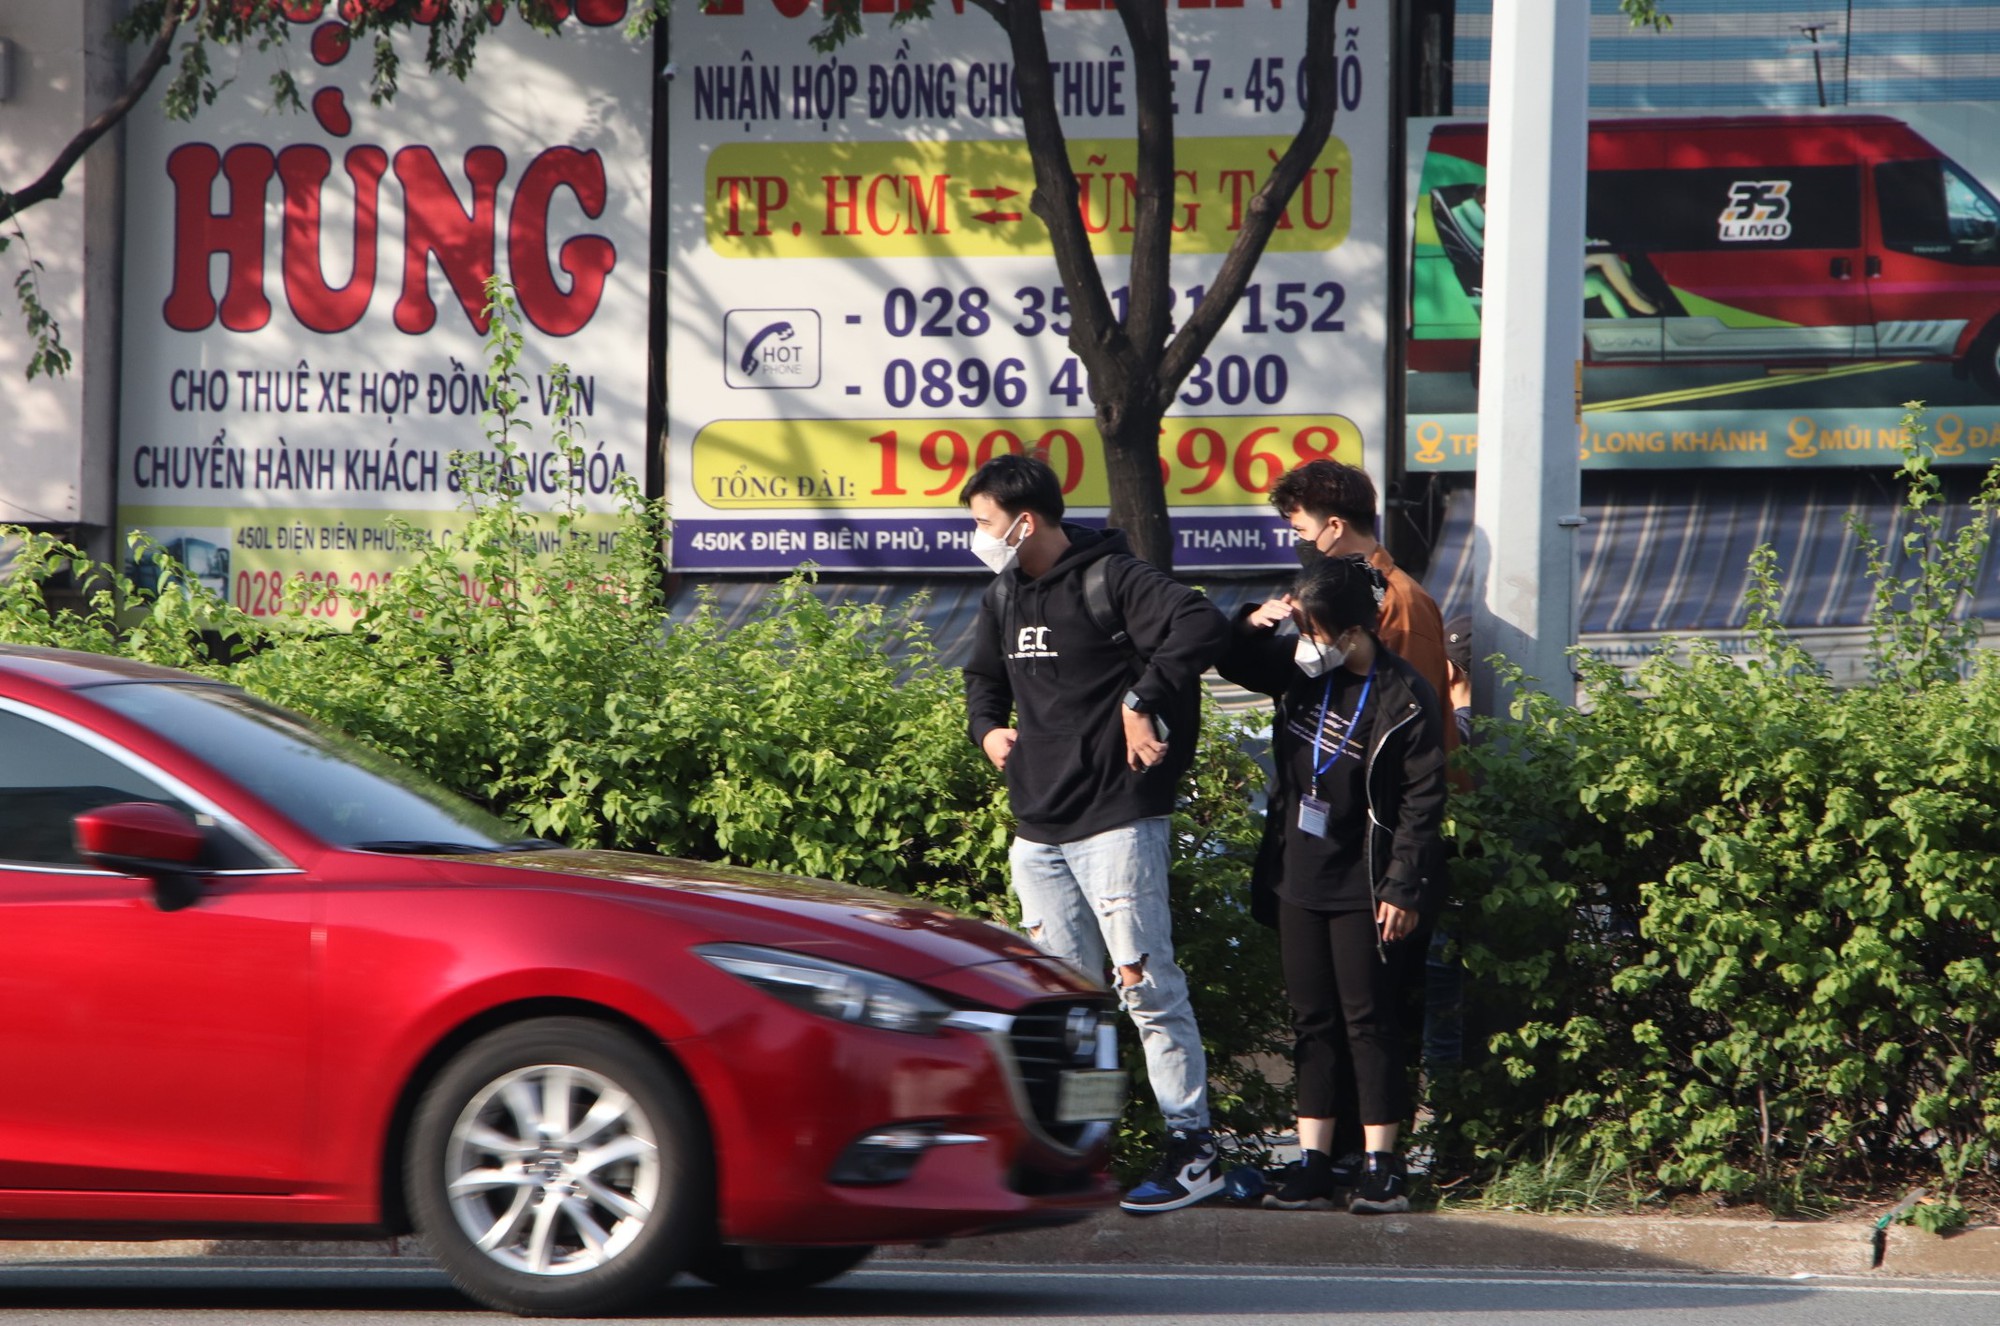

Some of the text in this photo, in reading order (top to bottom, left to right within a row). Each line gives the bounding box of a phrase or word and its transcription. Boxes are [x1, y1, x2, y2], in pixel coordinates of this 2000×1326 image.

[694, 50, 780, 132] NHẬN
[793, 56, 858, 132] HỢP
[868, 38, 956, 120] ĐỒNG
[1193, 59, 1211, 114] 7
[1245, 57, 1284, 113] 45
[163, 86, 617, 337] HÙNG
[716, 176, 802, 236] TP.
[820, 173, 952, 236] HCM
[1722, 223, 1788, 238] LIMO
[884, 286, 991, 337] 028
[1241, 282, 1346, 333] 152
[763, 346, 803, 363] HOT
[763, 364, 803, 375] PHONE
[883, 357, 1028, 408] 0896
[1179, 354, 1288, 406] 300
[170, 369, 229, 413] CHO
[237, 359, 310, 413] THUÊ
[318, 371, 351, 413] XE
[360, 370, 419, 424] HỢP
[134, 429, 246, 489] CHUYỂN
[255, 436, 335, 490] HÀNH
[345, 438, 437, 492] KHÁCH
[711, 464, 787, 498] TỔNG
[797, 468, 856, 497] ĐÀI:
[1158, 426, 1340, 494] 968
[1592, 432, 1665, 453] LONG
[1672, 427, 1768, 451] KHÁNH
[1819, 424, 1872, 450] MŨI
[237, 527, 273, 549] 450L
[277, 521, 315, 555] ĐIỆN
[320, 521, 357, 550] BIÊN
[691, 532, 746, 551] 450K
[752, 528, 807, 554] ĐIỆN
[813, 527, 868, 550] BIÊN
[876, 526, 930, 552] PHỦ,
[1179, 529, 1266, 552] THẠNH,
[237, 570, 282, 617] 028

— EXERCISE DIRECTIONS —
Reproduce the records in full, exactly as they appear, and show none of the pictures.

— EXERCISE RESULT —
Some of the text in this photo, in reading order (top to bottom, left to right within a row). Each line gives the bounding box of a phrase or word and its transcription. Boxes are [x1, y1, x2, y2], in pixel coordinates of this 2000×1326 image.

[694, 50, 780, 132] NHẬN
[793, 56, 858, 132] HỢP
[868, 38, 956, 120] ĐỒNG
[1193, 59, 1211, 114] 7
[1245, 57, 1284, 113] 45
[163, 86, 617, 337] HÙNG
[716, 176, 802, 236] TP.
[820, 173, 952, 236] HCM
[1722, 223, 1788, 238] LIMO
[884, 286, 991, 337] 028
[1241, 282, 1346, 333] 152
[763, 346, 803, 363] HOT
[763, 364, 803, 375] PHONE
[883, 357, 1028, 408] 0896
[1179, 354, 1288, 406] 300
[170, 369, 229, 413] CHO
[237, 359, 310, 413] THUÊ
[318, 371, 351, 413] XE
[360, 370, 419, 424] HỢP
[134, 429, 246, 489] CHUYỂN
[255, 436, 335, 490] HÀNH
[345, 438, 437, 492] KHÁCH
[711, 464, 787, 498] TỔNG
[797, 468, 856, 497] ĐÀI:
[1158, 426, 1340, 494] 968
[1592, 432, 1665, 453] LONG
[1672, 427, 1768, 451] KHÁNH
[1819, 424, 1872, 450] MŨI
[237, 527, 273, 549] 450L
[277, 521, 315, 555] ĐIỆN
[320, 521, 357, 550] BIÊN
[691, 532, 746, 551] 450K
[752, 528, 807, 554] ĐIỆN
[813, 527, 868, 550] BIÊN
[876, 526, 930, 552] PHỦ,
[1179, 529, 1266, 552] THẠNH,
[237, 570, 282, 617] 028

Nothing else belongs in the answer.